Biden says US will have ‘no more reliable ally’ than Canada in speech to parliament
President Biden on Friday trumpeted the importance of the United States’s relationship with Canada, arguing that no two countries in the world have closer ties as the two countries seek to move past the tumultuous four years of the Trump administration.
Biden, in a speech to Canadian parliament, spoke about the shared culture and values that bind the two nations and pointed to joint efforts to support Ukraine, combat climate change, address migration and invest in shared defense systems.
“The U.S. chooses to link our future with Canada because we know that we’ll find no better partner — I mean this from the bottom of my heart — no more reliable ally, no more steady friend,” Biden said, which garnered applause. “And today I say to you, and to all the people of Canada, that you will always, always be able to count on the United States of America. I guarantee you.”
His speech to parliament marked the first time a U.S. president has spoken to Canadian lawmakers since 2016, when then-President Obama visited Ottawa.
Biden routinely drew applause from Canadian officials during his remarks, as he spoke about how the two nations have coordinated on providing military support to Ukraine and imposing sanctions against Russia.
The president announced the U.S. and Canada would build a “global coalition of like-minded countries” to attack the opioid crisis.
He noted the Inflation Reduction Act, a bill passed last year with only Democratic votes, will provide tax credits for Americans who buy electric cars that are assembled in the U.S. or Canada.
Biden pointed to billions of dollars in investments in NORAD, which he explained is the only military command in the world shared by two nations, calling it “an incredible symbol in the faith we have in one another.”
On migration, the White House announced the two sides had agreed to alter the terms of the Safe Third Country Agreement to deter an influx of migrants into Canada in the past year.

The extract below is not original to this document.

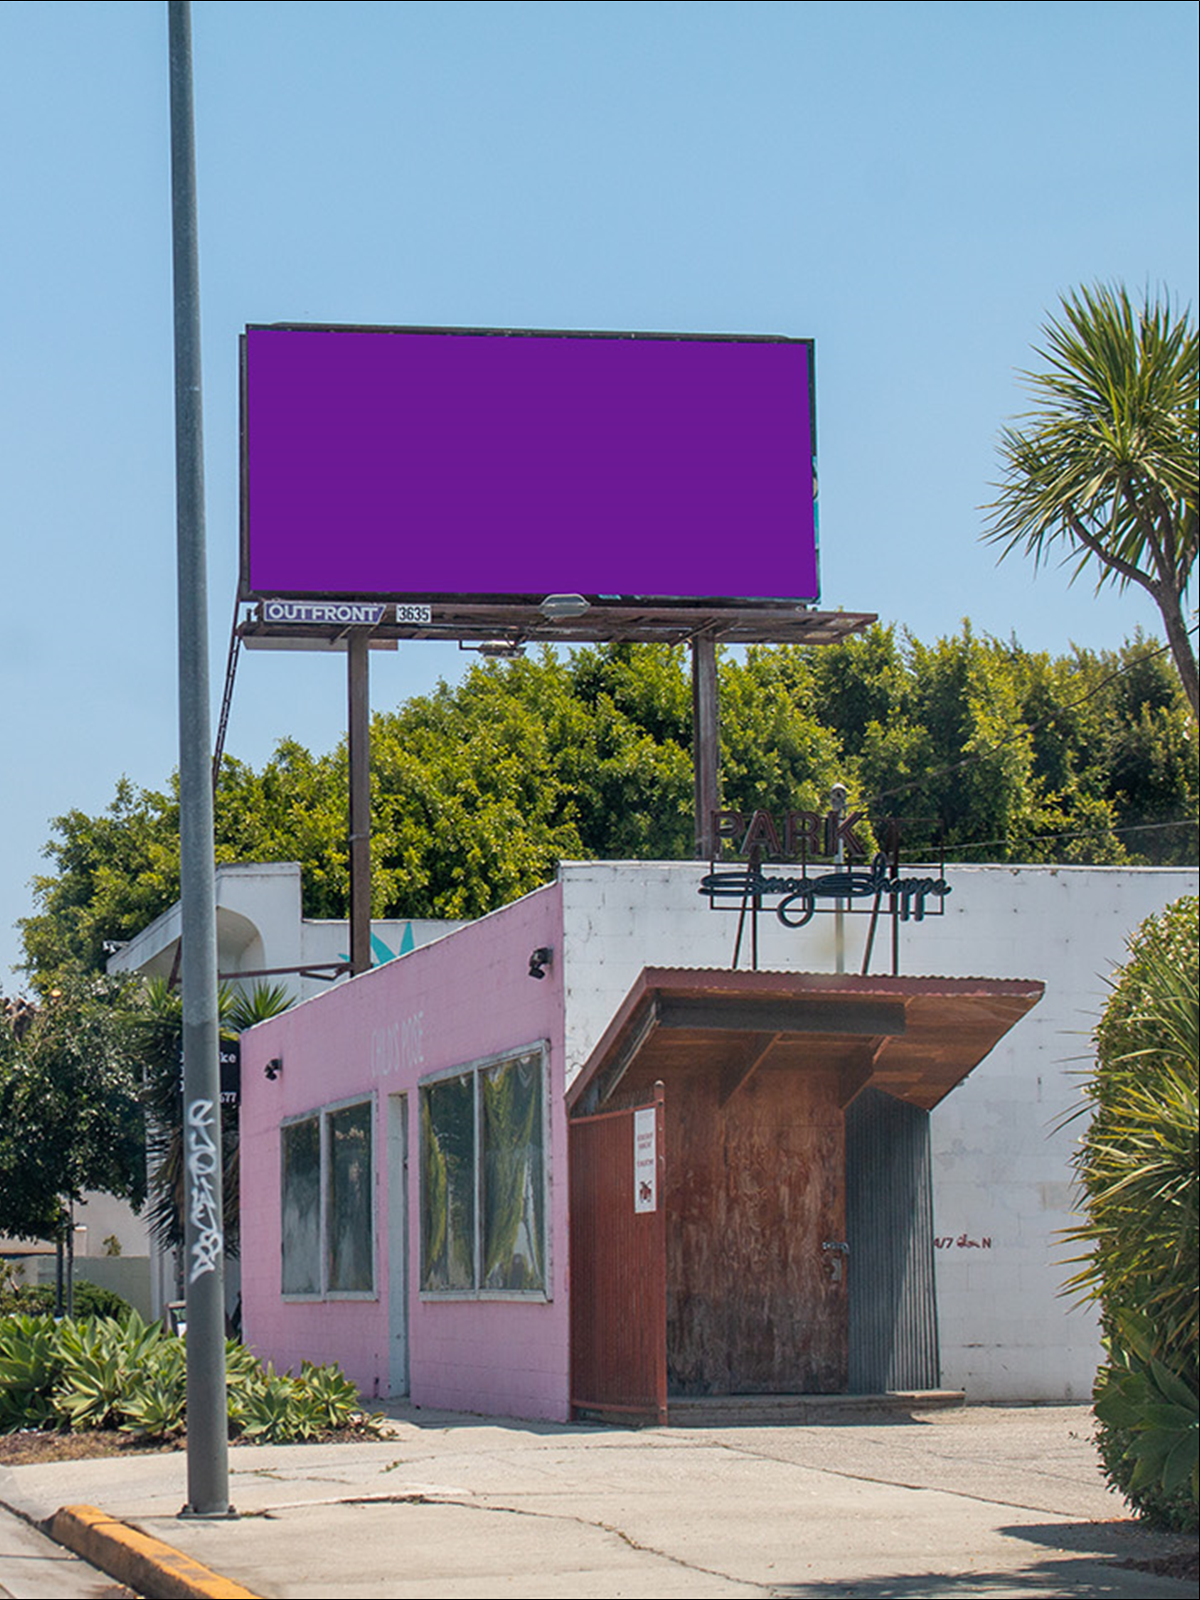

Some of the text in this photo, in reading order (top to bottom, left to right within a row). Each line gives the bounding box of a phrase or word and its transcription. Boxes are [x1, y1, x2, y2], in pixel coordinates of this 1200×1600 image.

[268, 604, 379, 622] OUTFRONT
[399, 605, 430, 622] 3635
[710, 809, 868, 855] PARK

The president recognized Michael Spavor and Michael Kovrig in the audience, two Canadian nationals who were detained in China for roughly three years before their release in 2021 after criticism from U.S. and Canadian leaders. Biden said he met with the two men earlier in the day.
The speech reflected a marked difference in the tone of the relationship between the two countries under the Biden administration compared to the previous four years.
Former President Trump routinely sparred with Trudeau and Canadian leaders during his time in office as he imposed tariffs on Canadian imports and sought to rework a trade deal with Canada and Mexico.
The last time a U.S. president visited Canada was June 2018, when Trump attended the Group of Seven (G-7) summit. Trump left that gathering early for a meeting with North Korean leader Kim Jong Un, and he declined to endorse the joint communiqué, tweeting that Trudeau was “meek and mild” and threatening to impose more tariffs against Canada.
Friday’s appearance by Biden featured more light-hearted moments.
The president opened by greeting lawmakers with a “Bonjour, Canada,” joking that he’d taken four years of French classes but was laughed at the last time he’d attempted to give a speech in the language.
In highlighting the close ties between the two nations, Biden noted there are Canadian teams in Major League Baseball, the NBA and the NHL.
“I have to say, I like your teams, except the Leafs,” Biden quipped, with his jab at the Toronto hockey team drawing raucous cheers from many in the room.